▶ Records
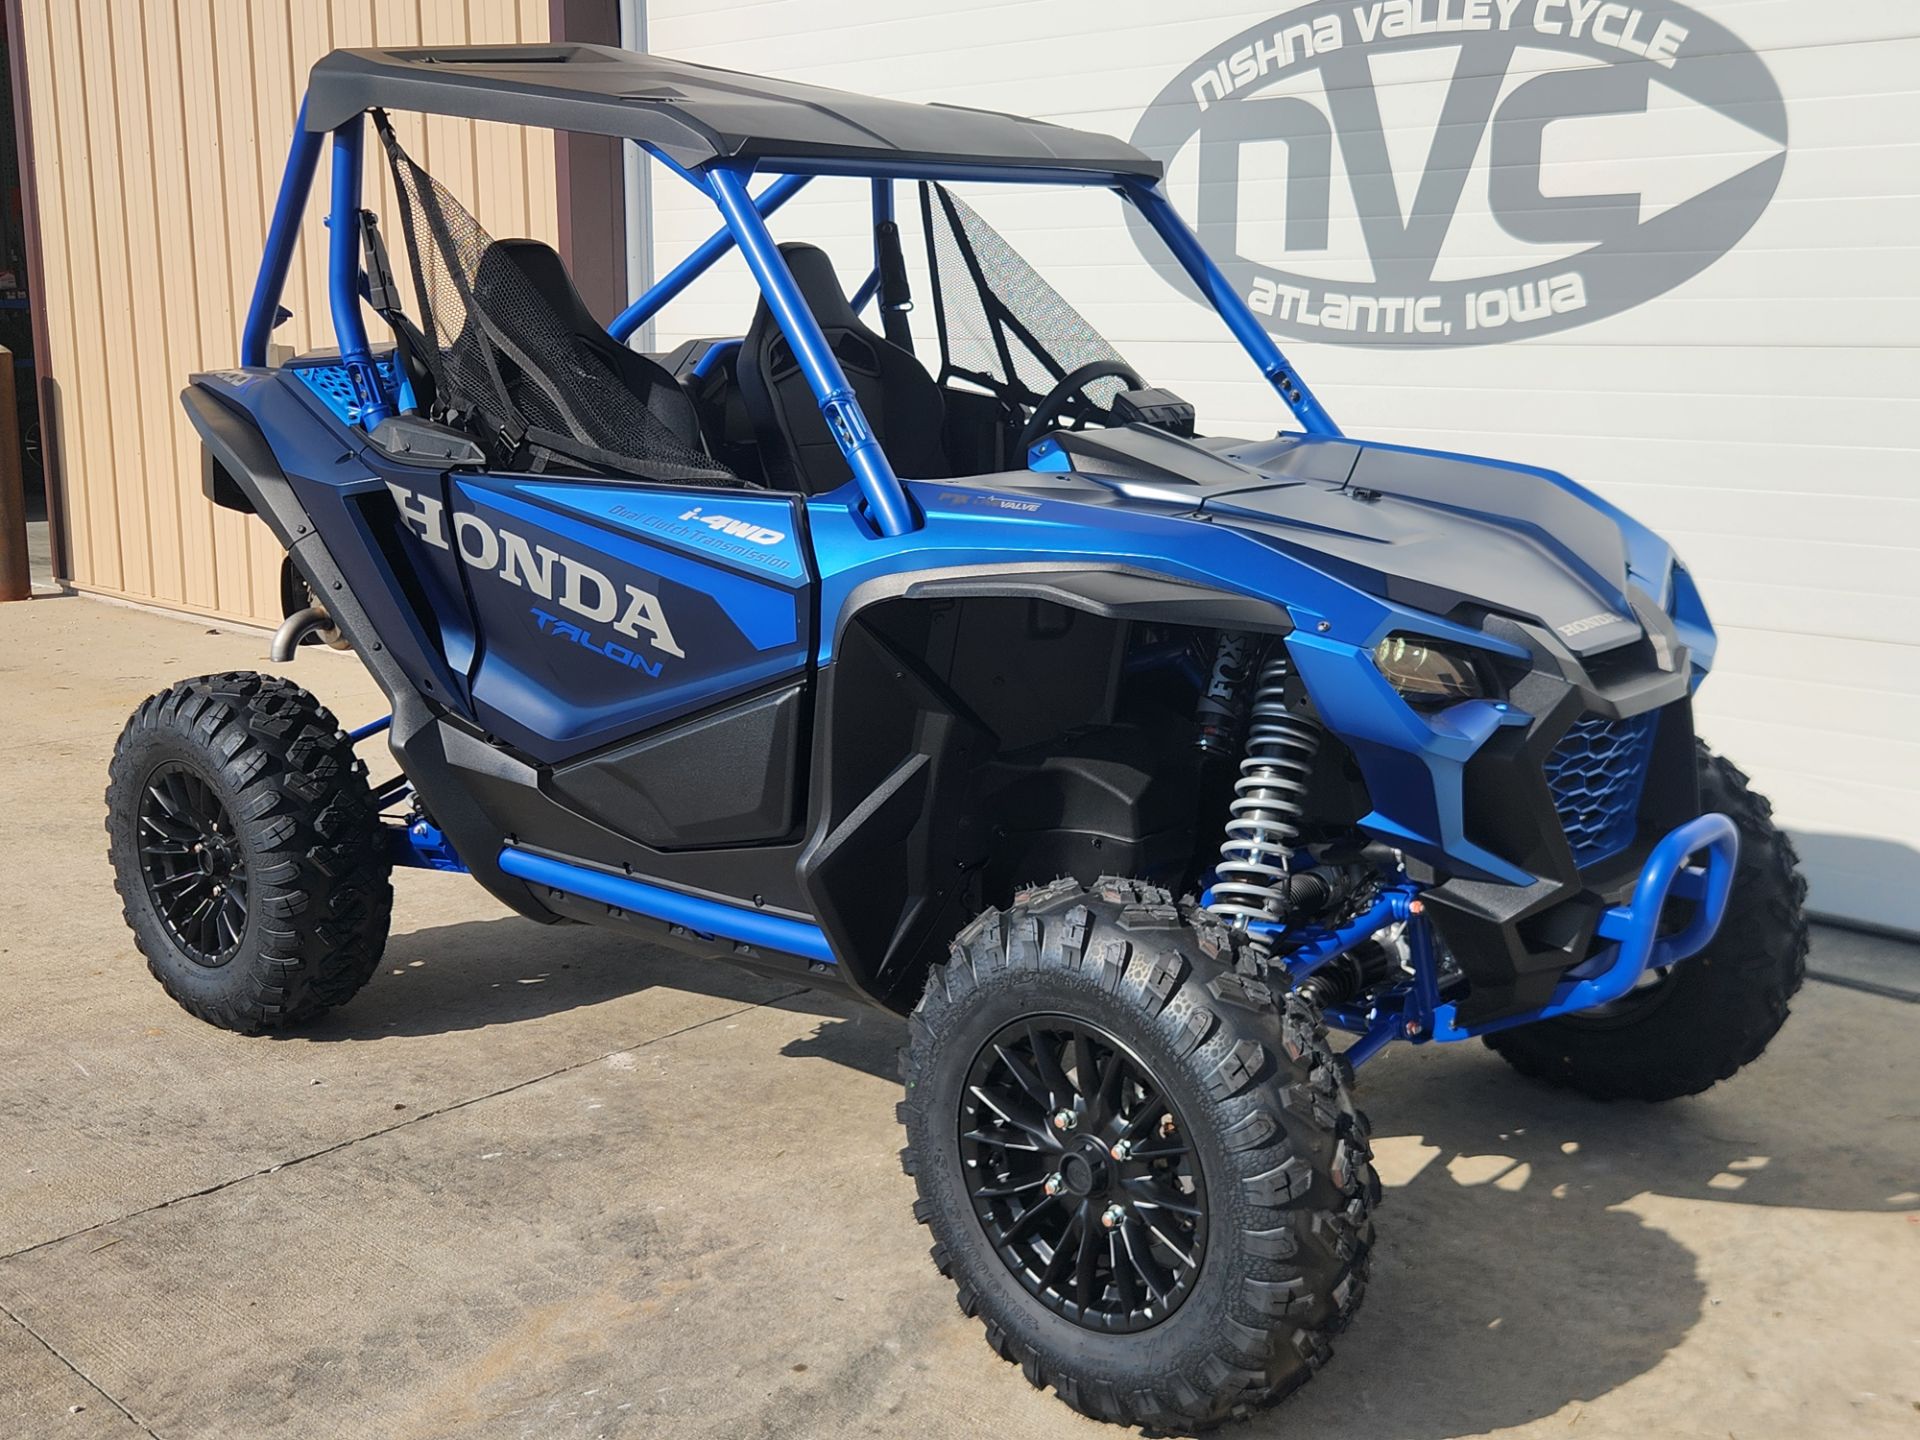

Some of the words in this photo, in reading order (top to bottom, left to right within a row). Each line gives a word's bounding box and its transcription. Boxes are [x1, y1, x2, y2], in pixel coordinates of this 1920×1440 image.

[1532, 0, 1689, 69] CYCLE
[608, 504, 641, 521] Dual
[641, 514, 689, 537] Clutch
[689, 529, 791, 570] Transmission
[678, 507, 786, 546] i-4WD
[1000, 500, 1041, 512] VALVE
[384, 480, 685, 659] HONDA
[530, 607, 663, 678] TALON

▶ Activity
Print the records above exactly as they stand, but leave out the pictures.

▶ Result of the task
Some of the words in this photo, in reading order (top to bottom, left to right within a row). Each line gives a word's bounding box and its transcription. Boxes are [x1, y1, x2, y2], in pixel coordinates of this 1920×1440 image.

[1532, 0, 1689, 69] CYCLE
[608, 504, 641, 521] Dual
[641, 514, 689, 537] Clutch
[689, 529, 791, 570] Transmission
[678, 507, 786, 546] i-4WD
[1000, 500, 1041, 512] VALVE
[384, 480, 685, 659] HONDA
[530, 607, 663, 678] TALON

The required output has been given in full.